In the context of the burgeoning strength of the feminist, anti-apartheid, Maori Sovereignty and anti-nuclear movements, the notion that New Zealand women might prove susceptible to Schlafly’s conservative arguments seemed preposterous. David Lange’s easy victory over Muldoon likewise appeared to confirm that the country was moving left – not right.
 
Buoyed by these convictions, the new Labour government, guided by its women MPs, was persuaded to set in motion a series of “Women’s Forums”. Open to all citizens, these consultative assemblies were intended to set the priorities for and structure the agenda of the new Ministry of Women’s Affairs foreshadowed in Labour’s 1984 Manifesto.
 
The first forums appeared to bear out the most optimistic assumptions of the Labour Women’s Council. Representatives from women’s NGOs like the YWCA and the National Council of Women, backed by women trade union delegates, eagerly advanced the stalled reform agenda of New Zealand feminism.
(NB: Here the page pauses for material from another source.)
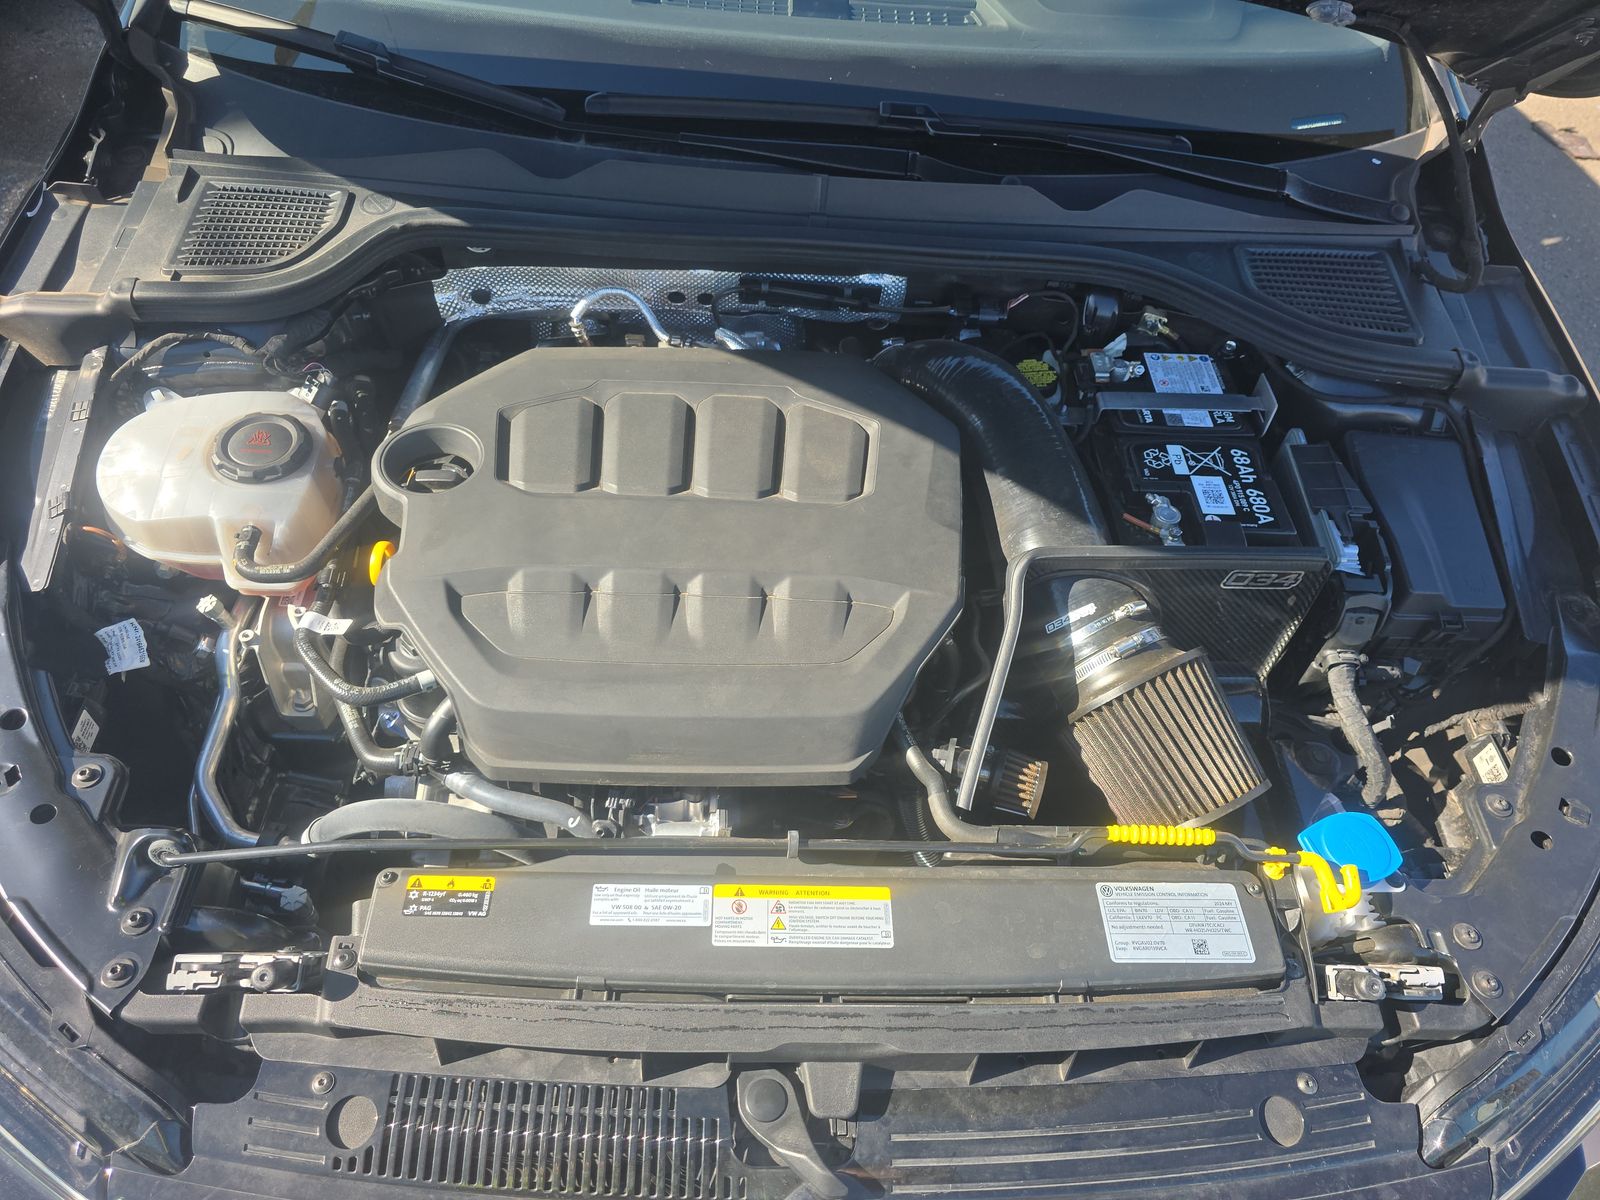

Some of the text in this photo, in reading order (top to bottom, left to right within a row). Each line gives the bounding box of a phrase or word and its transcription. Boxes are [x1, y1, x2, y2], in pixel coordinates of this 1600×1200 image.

A radical edge to the ongoing discussion and debate was contributed by the activism of Maori and lesbian women.
 
And then things began to go very seriously wrong.
 
In the words of gay and lesbian rights campaigner, Alison Laurie:
 
“Now, the election of the fourth Labour Government in 1984, which is when Fran Wilde comes to Parliament, brought about the establishment of the Ministry of Women’s Affairs. And prior to setting up this new ministry, the government had held women’s forums throughout the country which lesbians attended, and many women were alarmed by the presence of busloads of Christian fundamentalist women who carried Bibles and copies of the National Anthem, and who voted against abortion, lesbian rights and also against ratifying the United Nations Convention on the elimination of the discrimination against women.”
 
On one issue, however, radical feminists and fundamentalist Christians found themselves in perfect sororal agreement: pornography. They both wanted it banned.
 
It wasn’t enough. Participatory democracy, far from demonstrating that all women were sisters under the skin, had proved the opposite. Outside the funky enclaves of progressive inner-city activism; beyond the purview well-educated, Broadsheet-reading career women; there lay a vast hinterland of deeply-entrenched and easily-activated prejudice. Nor were these unsuspected masses of conservative women restricted to the rural and provincial bastions of the National Party. Feminists were just as few-and-far-between in the suburbs. Certainly, there appeared to be many more churches in these localities than consciousness-raising circles.
 
Shocked to the core, and fearful that if the forums were allowed to continue the progressive feminist agenda might end up being rejected by, of all people, conservative women, the Labour government hastily shut them down. Yes, progressive women had found themselves surrounded by a noisy and single-minded sisterhood. Unfortunately, it was the wrong sisterhood.
 
Between 1984 and 1990 the progressive feminist agenda was advanced. The Ministry of Women’s Affairs became a useful and productive reality. LGBTQI New Zealanders were liberated from their legislative shackles. Pay Equity (briefly) became a reality. But never again were the preferences of ordinary New Zealand women so openly and democratically solicited.
 
Sisterhood is, indeed, powerful – but only when your sisters can be relied upon to vote the right way.
 
This essay was originally posted on The Daily Blog of Sunday, 19 February 2017.